Thank you  No, they did not comb in in. It was applied with gloved hands. I'd say it was in my head for about 10-12 minutes. Everyone's Silkener/texlax won't look the same because it only relaxes the natural shape of your hair (or the shape that your hair already has). For that reason, if your hair is straight in some areas due to heat damage, a Silkener or texlax would only make those parts even straighter. It will not give your hair texture. You could try a texturizer, but I wouldn't recommend it. Maybe you could do braid/twist outs in that area while you slowly cut the heat damage off and transition back to your natural texture.


----------



## SerenavanderWoodsen (Mar 6, 2011)

Thanks for the info!!  Actually I want to loosen the tighter curly parts if I can to match the looser hair which is all except the back.... I think I would leave the perm in for maybe 6 minutes max since I'm starting with a 3b albeit super frizzy but still no tighter than a 3b even in the most annoying spots. I do not want straight, I just want to loosen down to a true 3a or even 2b or c is that exists ... Believe it or not, I think I trust the job done by myself more than by professionals lol. I just have no faith in stylists unless it's for simple stuff but even so I'd prefer only my hands in my hair.....


----------



## levone (Mar 7, 2011)

Your hair looks great!  Thanks for posting the updated pictures.


----------



## Anastaja11 (Mar 7, 2011)

Looks great!
Not sure if this was asked but how long have you been natural? you have gorgeous hair silkened and unsilkened


----------



## SmileyNY (Mar 7, 2011)

SerenavanderWoodsen said:


> Thanks for the info!!  Actually I want to loosen the tighter curly parts if I can to match the looser hair which is all except the back.... I think I would leave the perm in for maybe 6 minutes max since I'm starting with a 3b albeit super frizzy but still no tighter than a 3b even in the most annoying spots. I do not want straight, I just want to loosen down to a true 3a or even 2b or c is that exists ... Believe it or not, I think I trust the job done by myself more than by professionals lol. I just have no faith in stylists unless it's for simple stuff but even so I'd prefer only my hands in my hair.....



Good Luck


----------



## SmileyNY (Mar 7, 2011)

Anastaja11 said:


> Looks great!
> Not sure if this was asked but how long have you been natural? you have gorgeous hair silkened and unsilkened



Thank you  I went natural for the first time in 2001. I cut my hair with only an inch of new growth. I permed once in 2003 & hated how thin & limp my hair was.... So I transitioned again and was natural from 2004 through December 2010. So, I was natural for a total of 8 years.


----------



## NJoy (Mar 7, 2011)

I think your hair looks beautiful!!!  And if you're happy, then it's money well-spent. Flaunt it, girl!


----------



## SmileyNY (Mar 7, 2011)

NJoy said:


> I think your hair looks beautiful!!!  And if you're happy, then it's money well-spent. Flaunt it, girl!
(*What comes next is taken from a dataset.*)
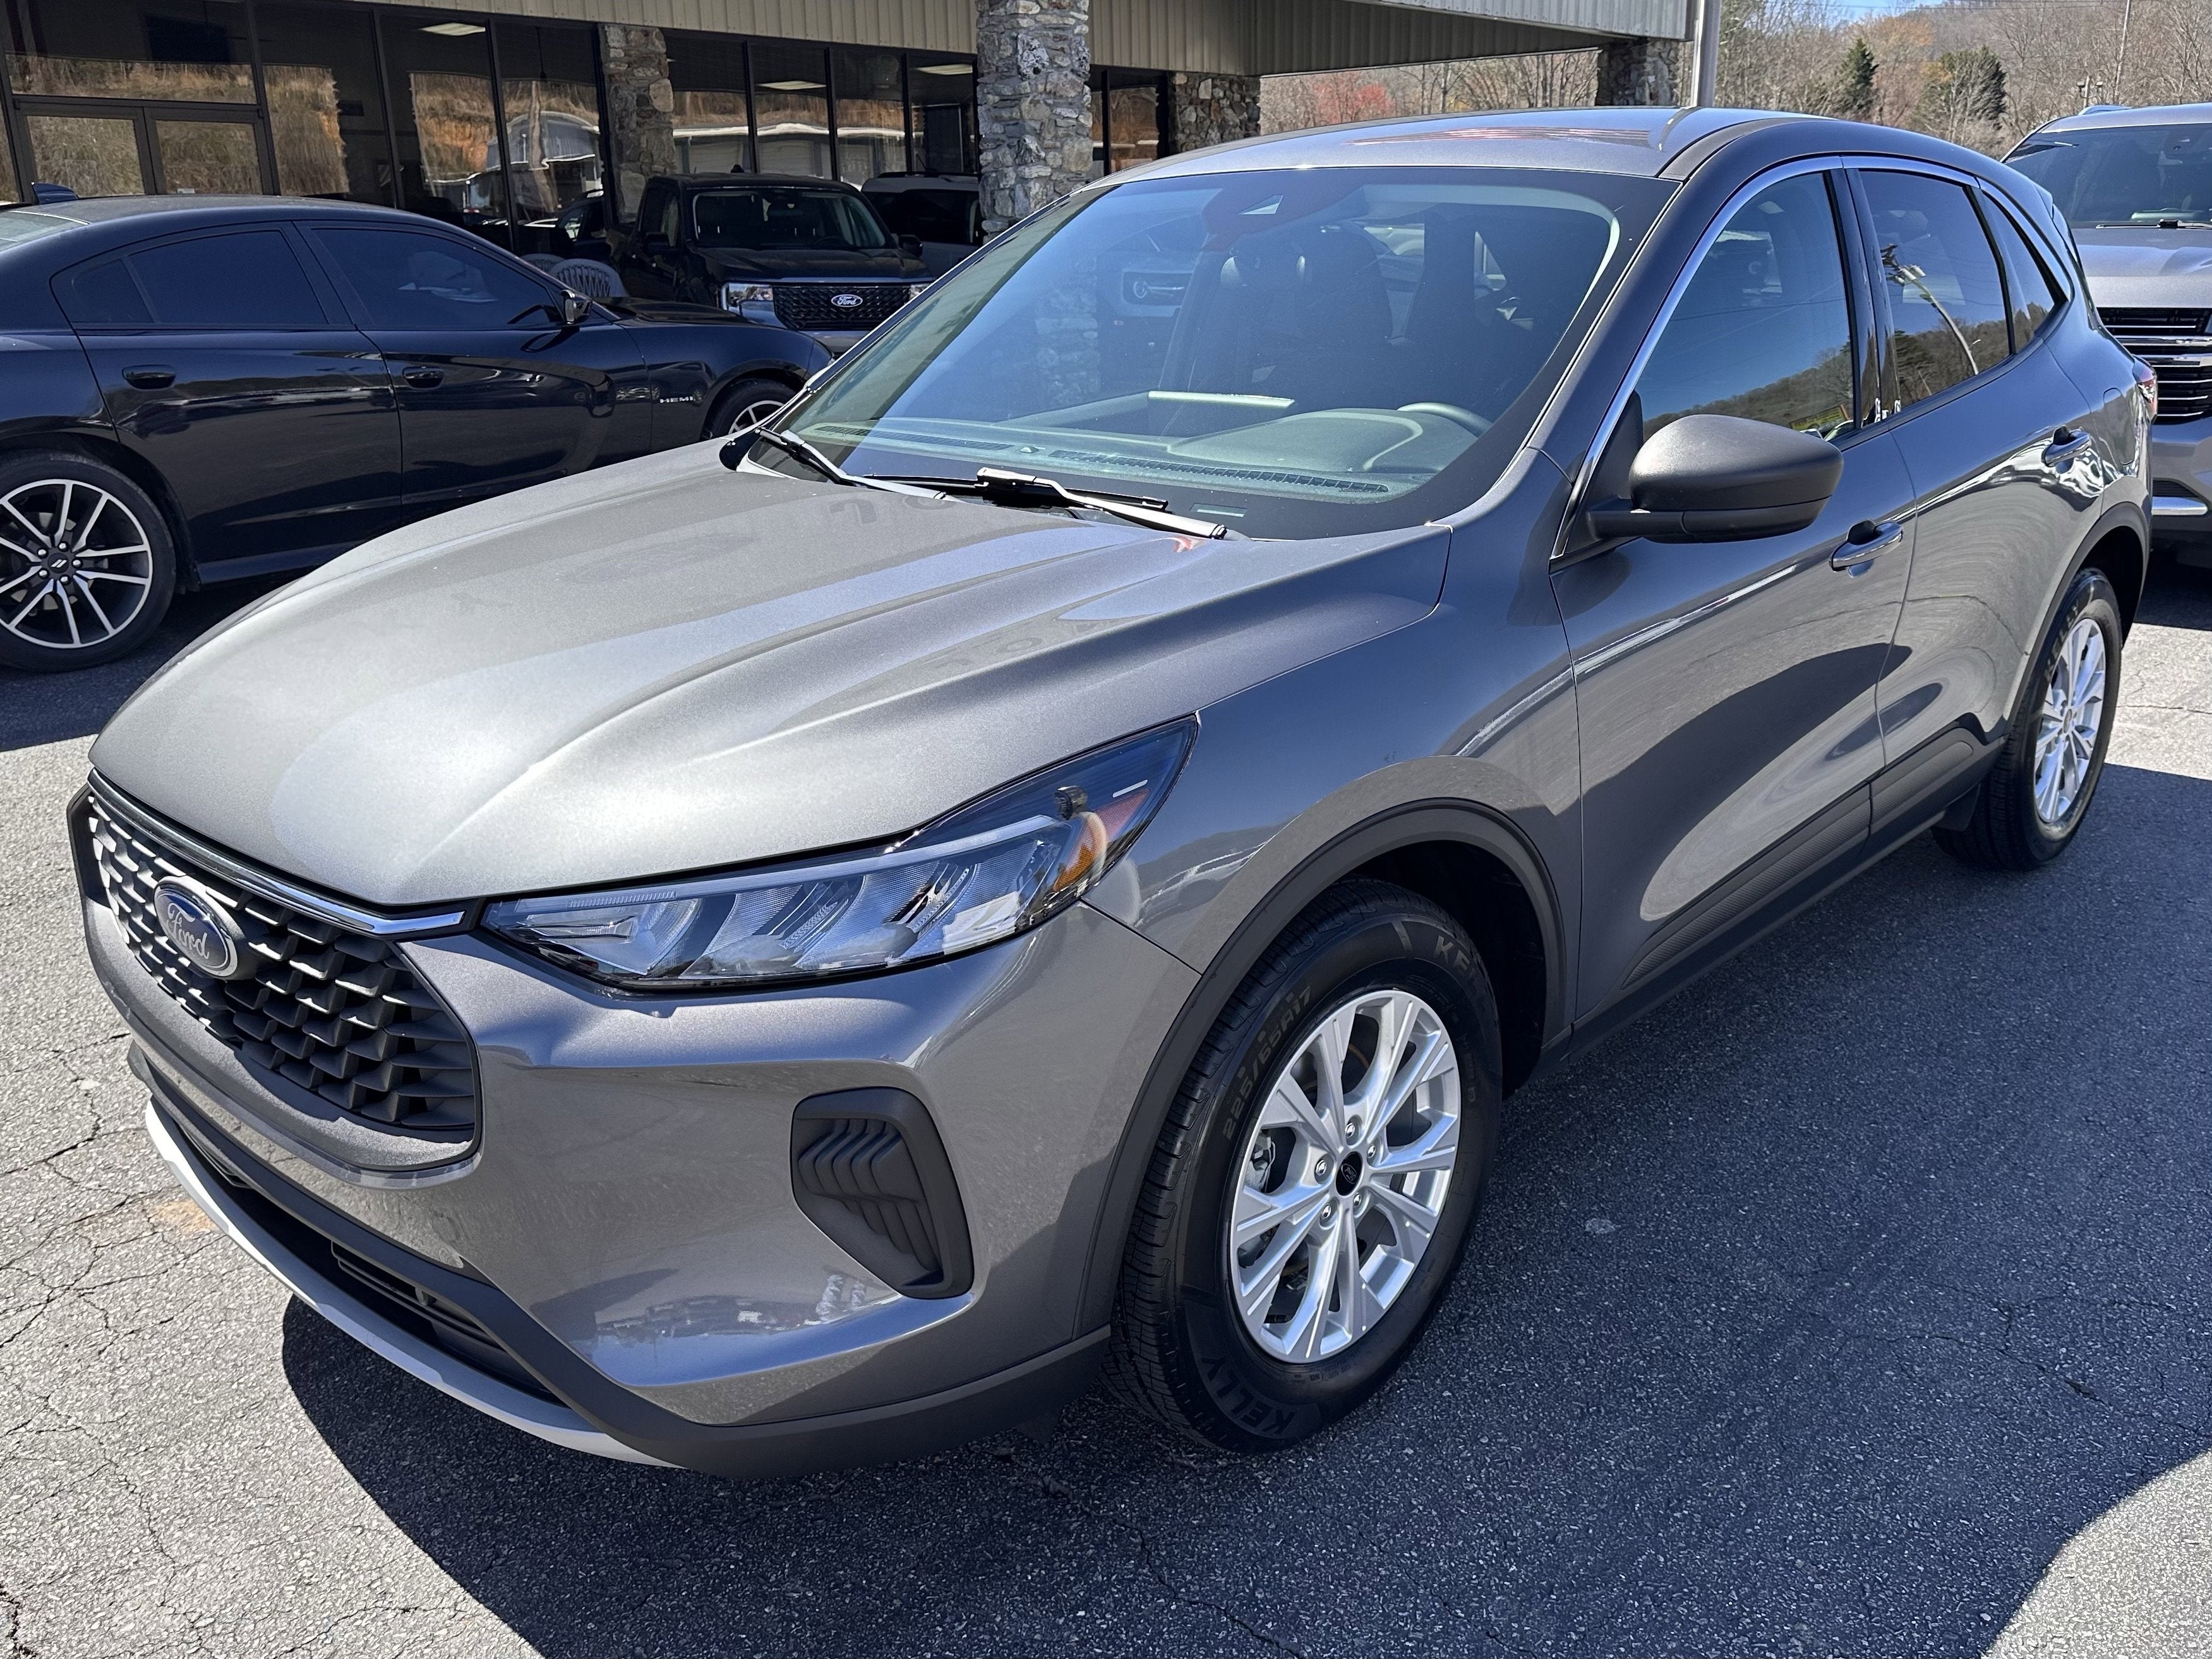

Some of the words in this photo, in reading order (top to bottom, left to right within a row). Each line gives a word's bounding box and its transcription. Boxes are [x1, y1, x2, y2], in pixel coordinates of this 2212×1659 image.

[167, 902, 210, 960] Ford
[1223, 985, 1311, 1140] 225/65R17
[1201, 1358, 1295, 1435] KELLY
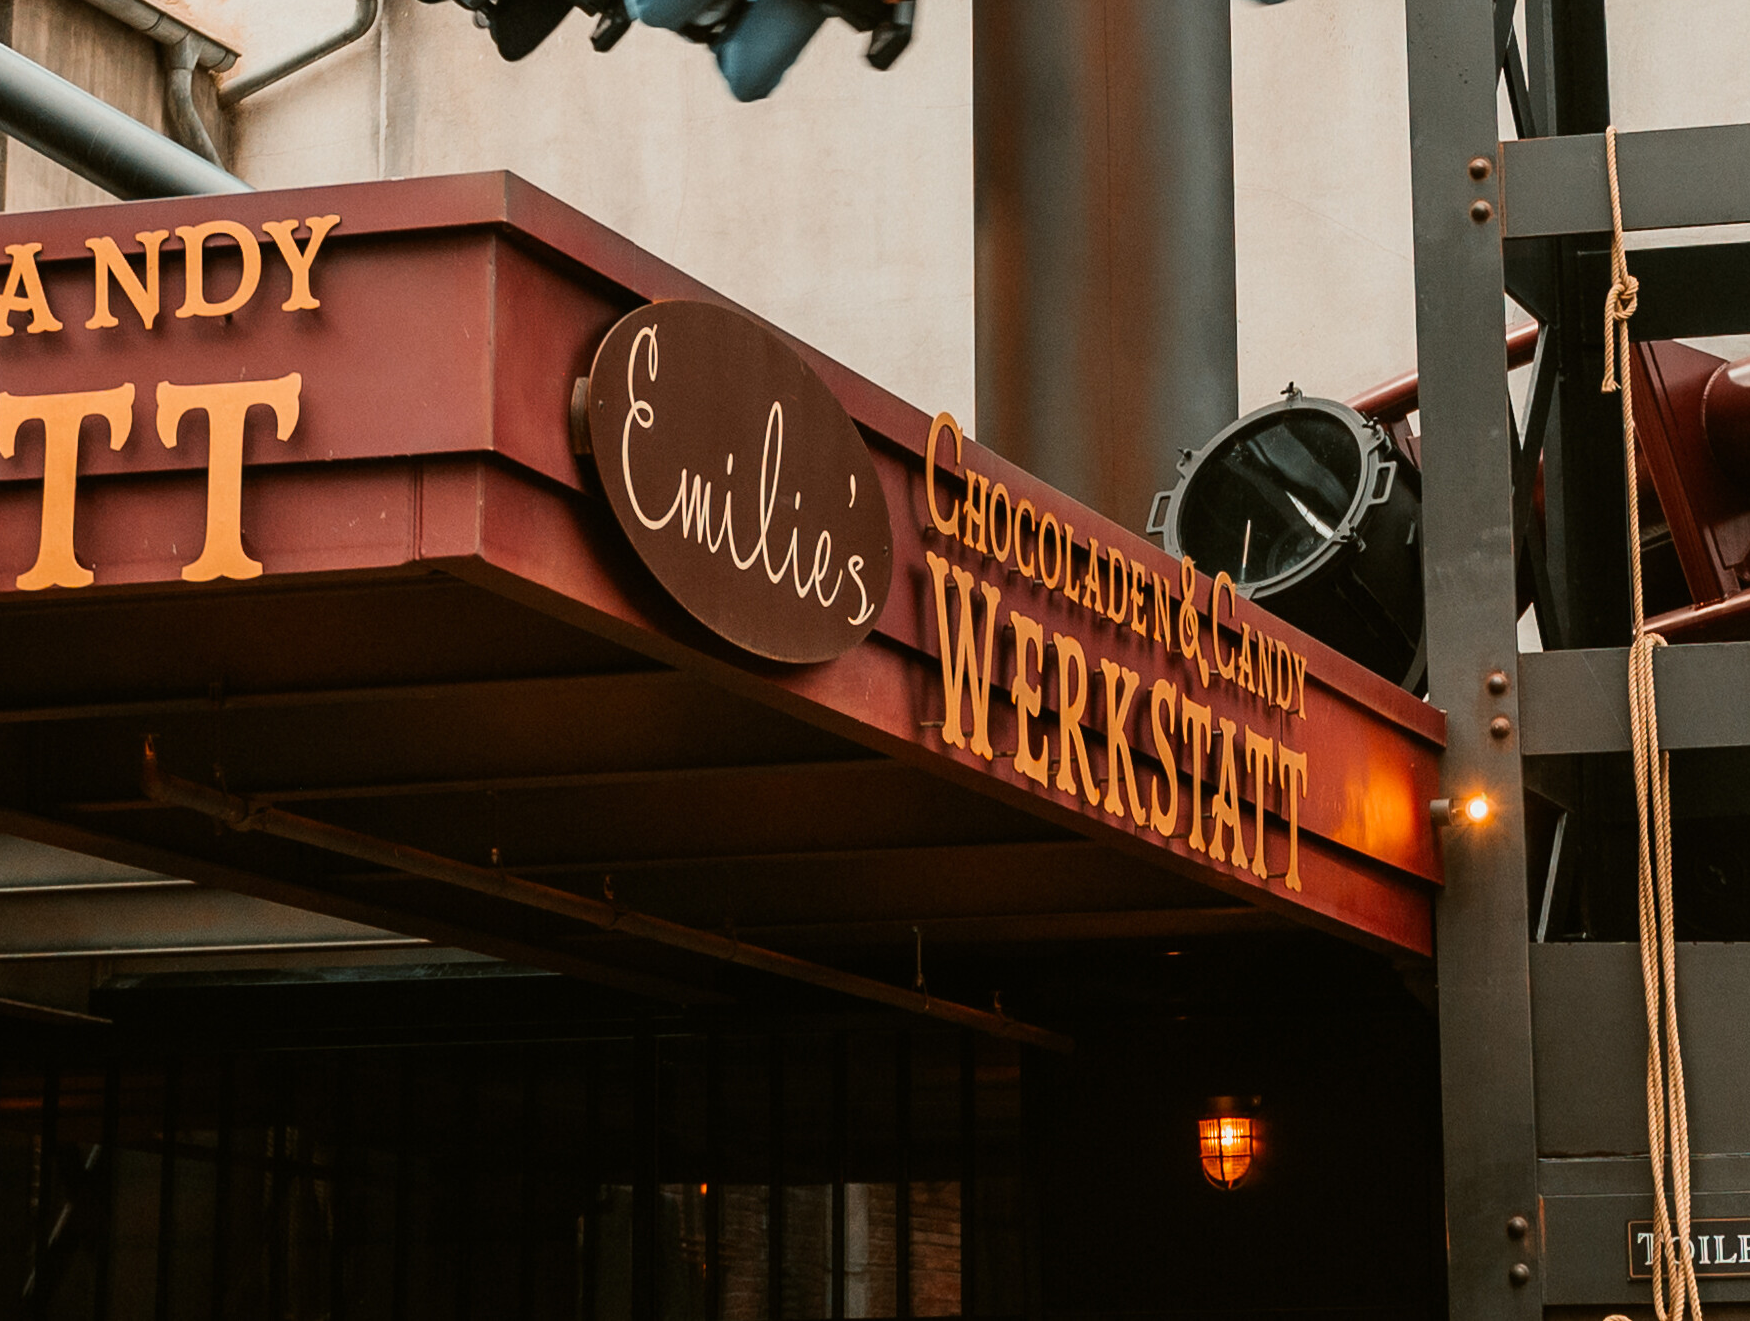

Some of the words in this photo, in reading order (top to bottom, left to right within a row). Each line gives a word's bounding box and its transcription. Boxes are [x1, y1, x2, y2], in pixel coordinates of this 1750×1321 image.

Thank you! Now that I'm taking better care of my hair... I aiming to grow texlaxed locks as long and beautiful as yours


----------



## RelaxednNapulous (Mar 7, 2011)

Really looks beautiful, Smiley. I so missed the boat! I lived with Titi & Miko when they owned Curve, but I was a super low-maintenance natural then. After hearing about them on hair boards, I called and Titi said they were overbooked for months ahead. I couldn't afford it anyway.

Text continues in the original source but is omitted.